Word for word, repeat the records, leaving every picture behind.

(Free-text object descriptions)
____
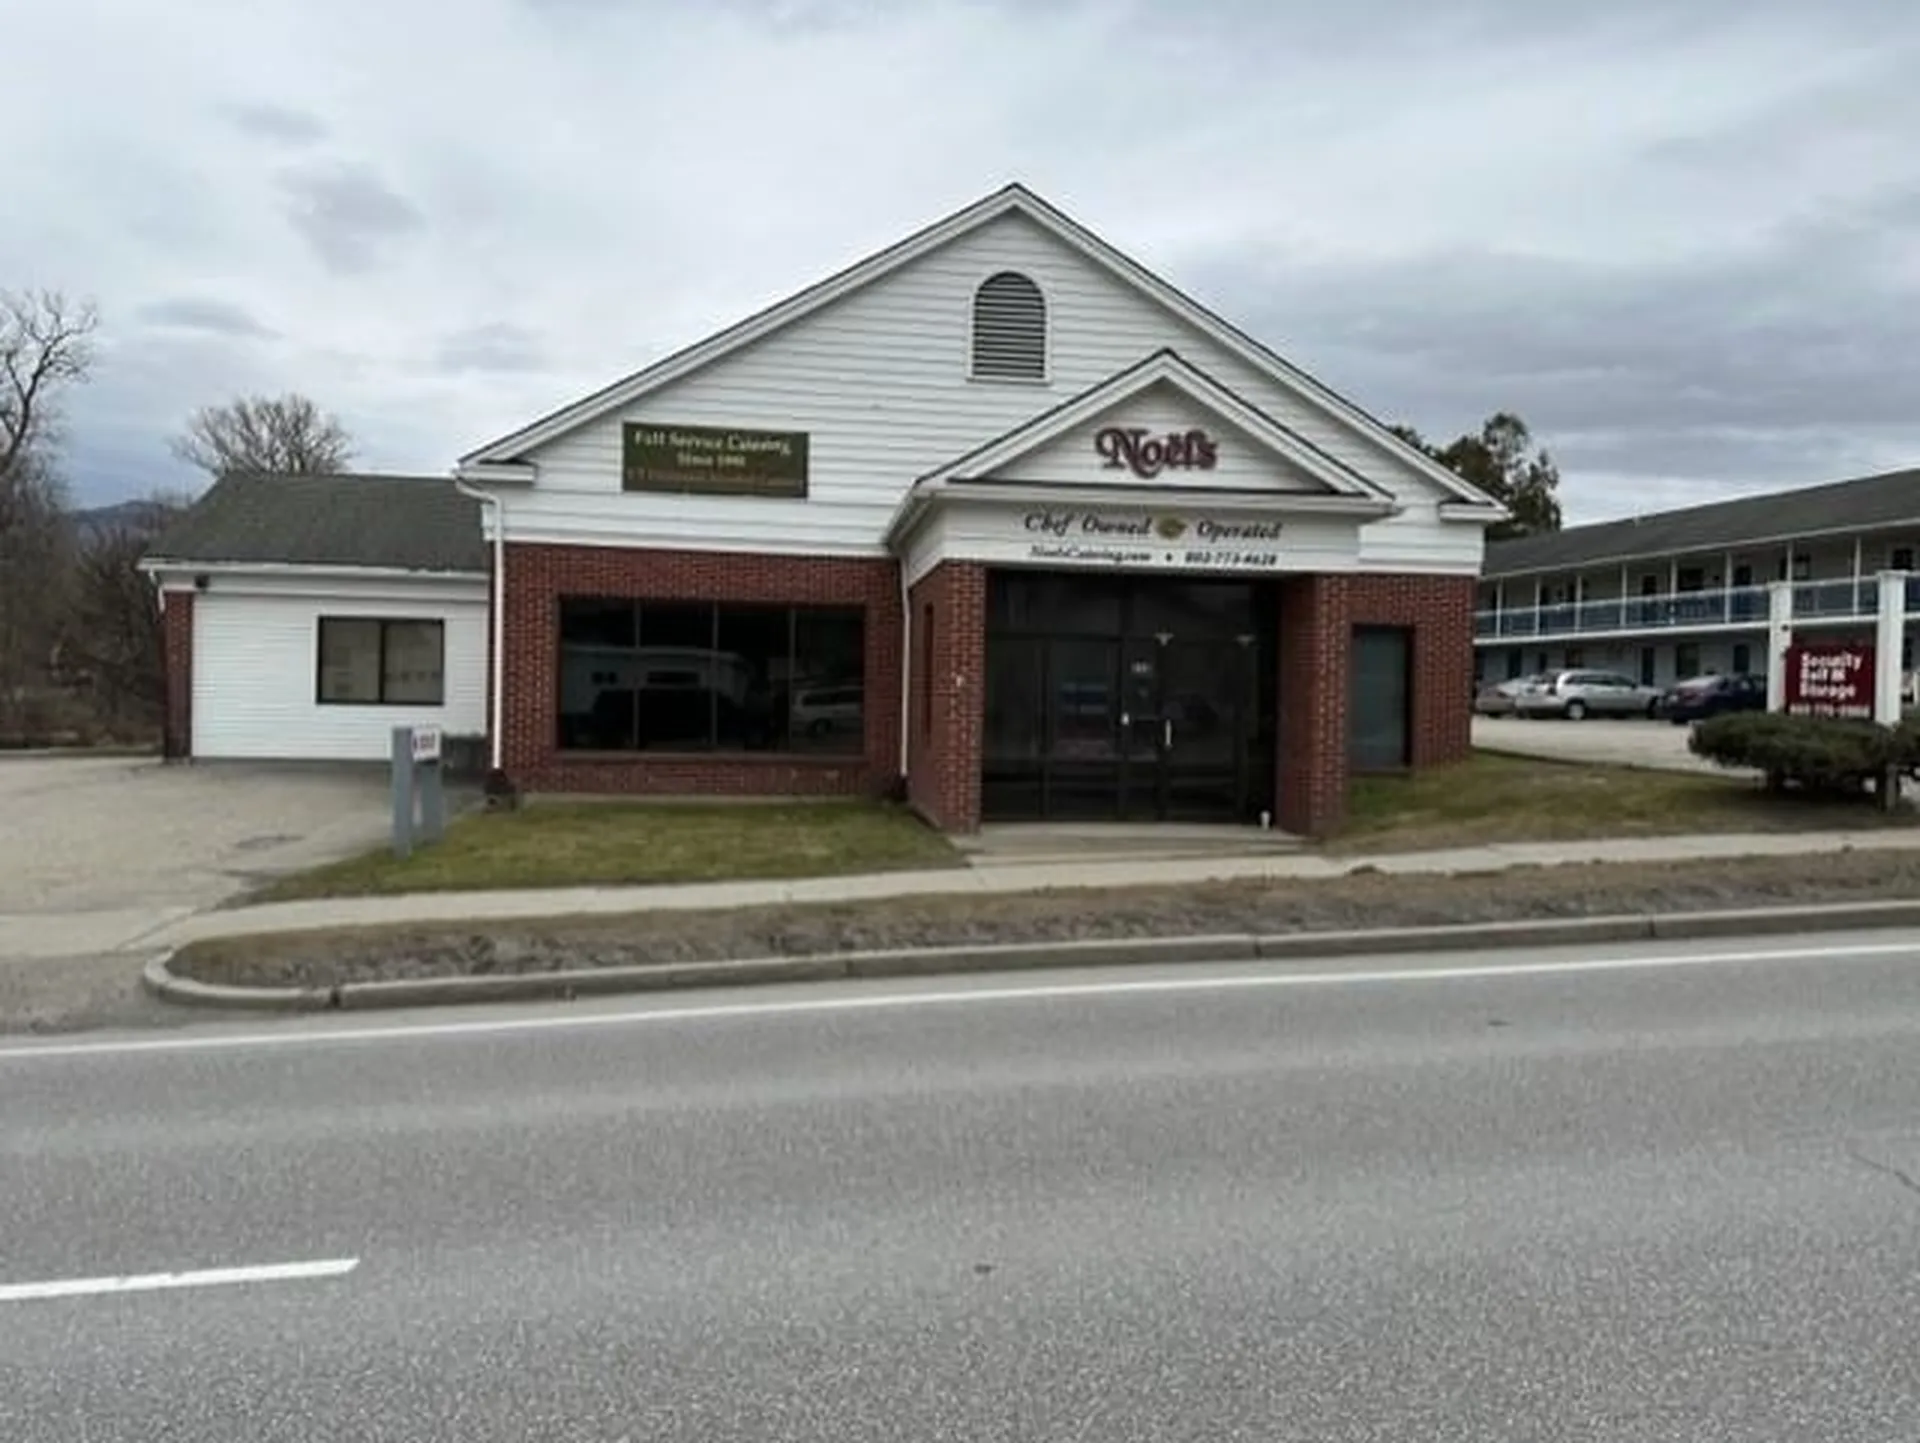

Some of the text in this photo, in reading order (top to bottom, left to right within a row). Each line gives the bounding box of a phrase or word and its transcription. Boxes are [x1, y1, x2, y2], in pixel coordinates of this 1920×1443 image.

[634, 430, 792, 457] Full Service Catering
[1024, 511, 1283, 544] Chef Owned Operated
[1800, 651, 1863, 672] Security
[1799, 683, 1857, 701] Storage
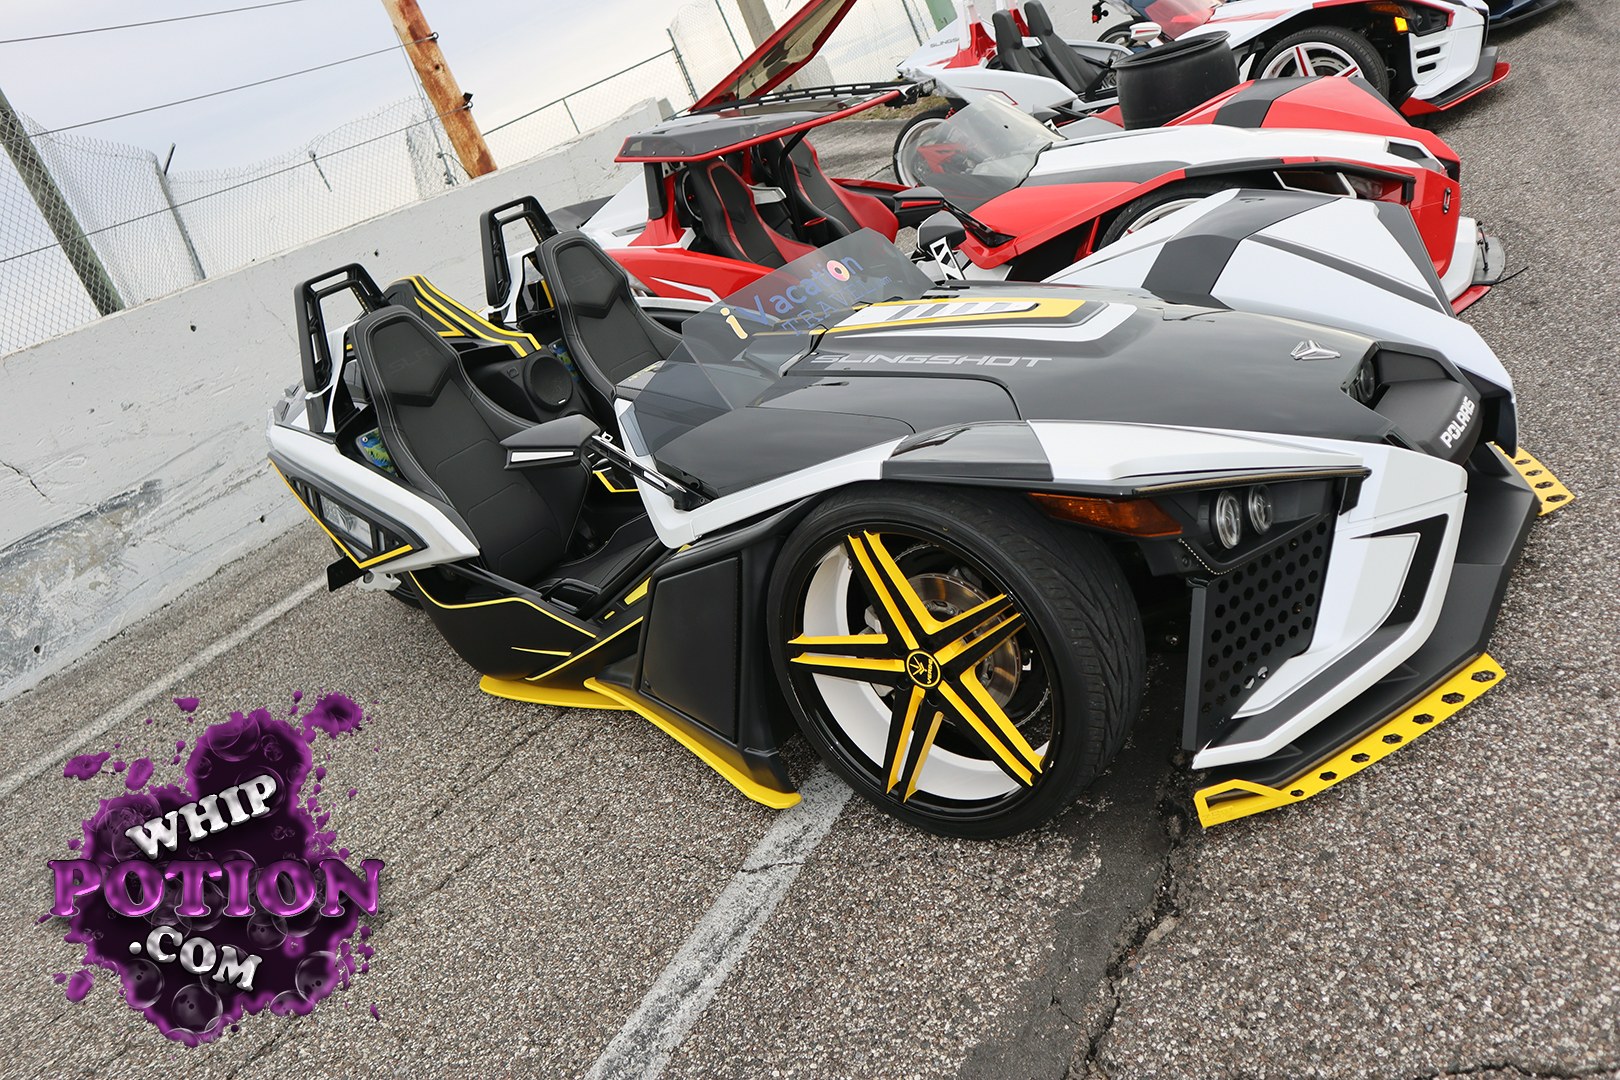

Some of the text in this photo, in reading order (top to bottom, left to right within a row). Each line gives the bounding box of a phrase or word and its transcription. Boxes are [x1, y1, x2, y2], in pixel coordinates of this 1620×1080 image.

[720, 256, 864, 339] i Vacation
[781, 276, 876, 336] TRAVEL
[810, 353, 1053, 368] SLINGSHOT
[1440, 395, 1475, 448] POLARIS
____
● Written answer
Some of the text in this photo, in reading order (top to bottom, left to right within a row). Each line gives the bounding box of a phrase or word and its transcription. Boxes are [x1, y1, x2, y2], in pixel coordinates of this 1920×1443 image.

[634, 430, 792, 457] Full Service Catering
[1024, 511, 1283, 544] Chef Owned Operated
[1800, 651, 1863, 672] Security
[1799, 683, 1857, 701] Storage

Some of the text in this photo, in reading order (top to bottom, left to right within a row). Each line gives the bounding box of a phrase or word and its transcription. Boxes are [x1, y1, x2, y2], in pixel coordinates of this 1620×1080 image.

[720, 256, 864, 339] i Vacation
[781, 276, 876, 336] TRAVEL
[810, 353, 1053, 368] SLINGSHOT
[1440, 395, 1475, 448] POLARIS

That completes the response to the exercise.